Sterling steadied after posting its biggest jump in two weeks on Tuesday as investors await the outcome of a cabinet meeting where Prime Minister Theresa May will try to convince her ministers to accept a draft European Union divorce deal.

As the EU braces for the biggest divorce in its history, Brexiteers in May’s Conservative Party have said they would vote the deal down, while the Northern Irish party which props up her minority government questioned whether she would be able to get parliamentary approval.
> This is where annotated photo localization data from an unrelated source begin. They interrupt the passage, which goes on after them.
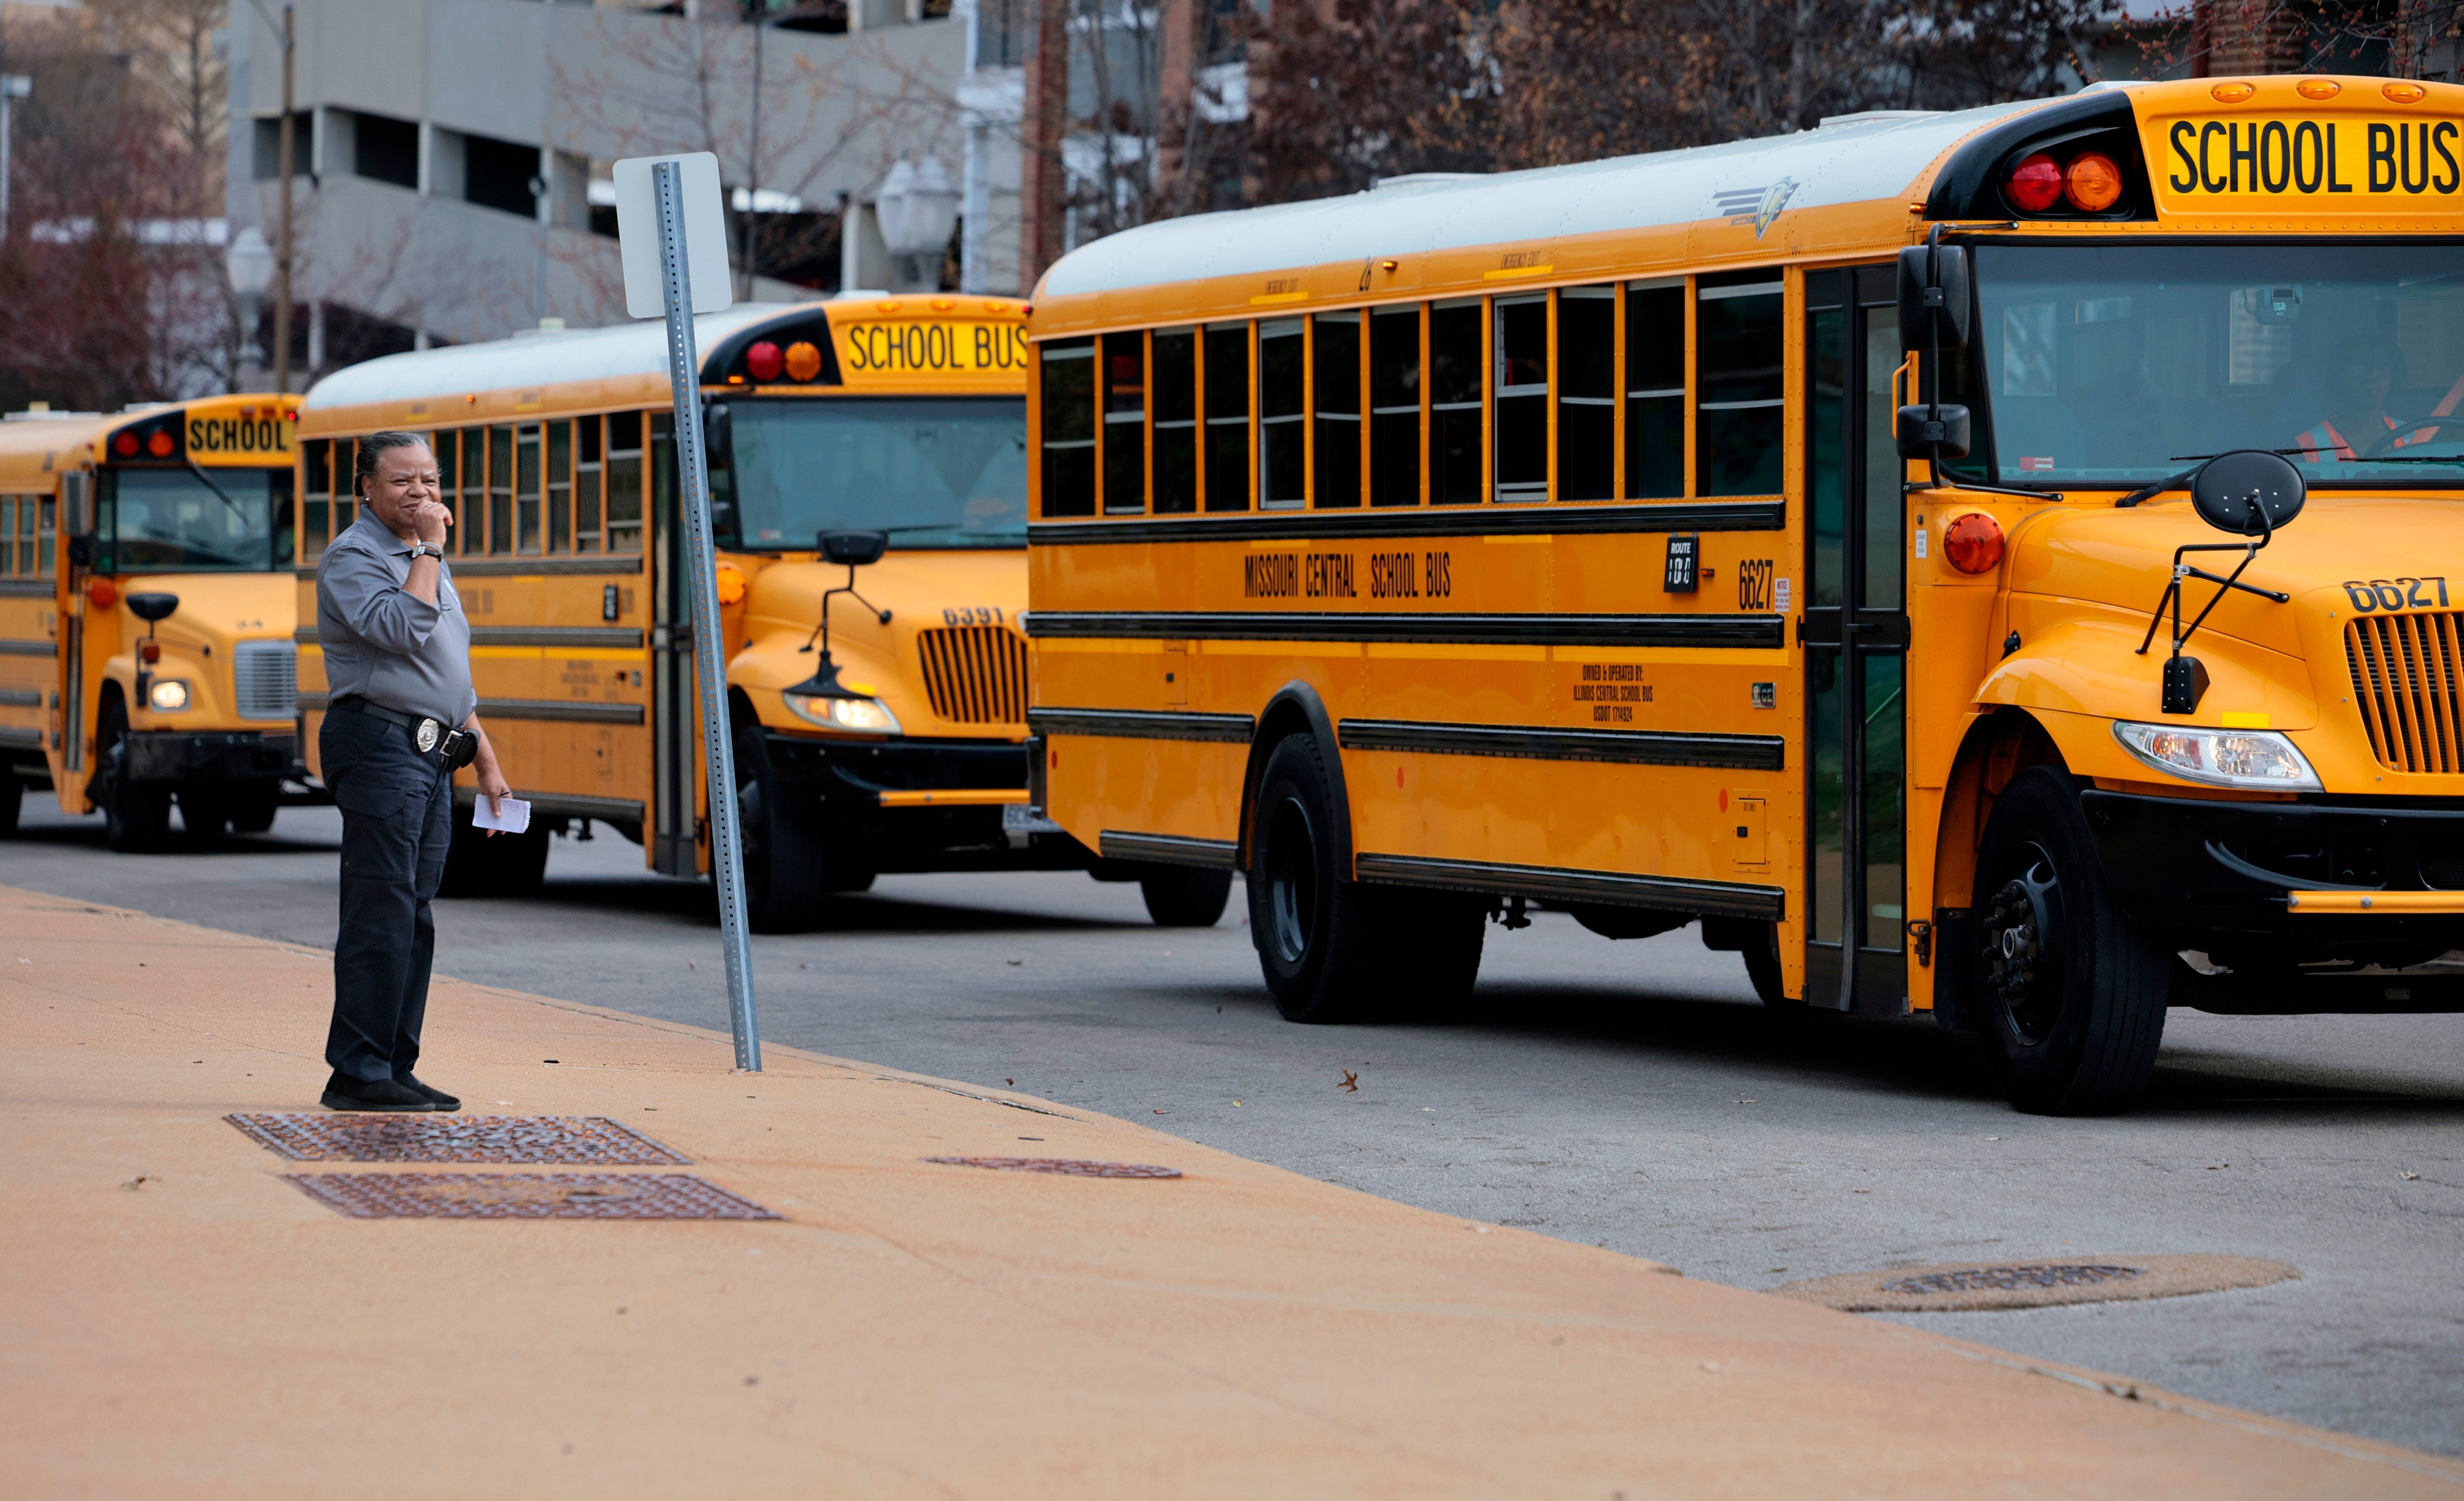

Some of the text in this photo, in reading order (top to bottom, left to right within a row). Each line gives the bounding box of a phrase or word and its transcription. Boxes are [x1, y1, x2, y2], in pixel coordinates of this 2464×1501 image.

[2170, 121, 2460, 194] SCHOOL BUS
[1359, 255, 1377, 291] 26
[851, 324, 1028, 369] SCHOOL BUS
[190, 419, 287, 451] SCHOOL
[1671, 542, 1691, 554] ROUTE
[1245, 552, 1451, 598] MISSOURI CENTRAL SCHOOL BUS
[1739, 559, 1773, 610] 6627
[2342, 577, 2449, 613] 6627
[943, 606, 1003, 626] 6391
[1583, 665, 1601, 681] OWNED
[1603, 666, 1607, 681] &
[1608, 665, 1634, 681] OPERATED
[1573, 685, 1653, 702] ILLINOIS CENTRAL SCHOOL BUS
[1594, 706, 1632, 722] USDOT 1714924
The cabinet will meet at 2pm.

  • Read more: DUP will vote against Theresa May’s Brexit deal over fears it could lead to break-up of UK

“The outcome of the cabinet meeting will be a barometer test on the upcoming parliamentary vote the government will face to get the deal through,” said Fritz Louw, a currency strategist at MUFG in London.

In early trades, the British currency was flat at $1.2967 after briefly jumping more than 1pc on Tuesday to $1.3047.

Brussels diplomatic sources had said they feared any delay in agreeing the text would increase the chances of rejection by May’s ministers or the British parliament.

Reflecting the growing nervousness among market participants over the cabinet meeting, implied volatility on the pound, a gauge of expected swings in the British currency, surged.

Sterling/dollar implied overnight volatility jumped to 23pc on Wednesday, its highest since Britain’s general election in June 2017.

Against the euro, the pound fared slightly better with the currency strengthening 0.1pc at 87.02 pence as concerns about the Italian budget also weighed on the euro.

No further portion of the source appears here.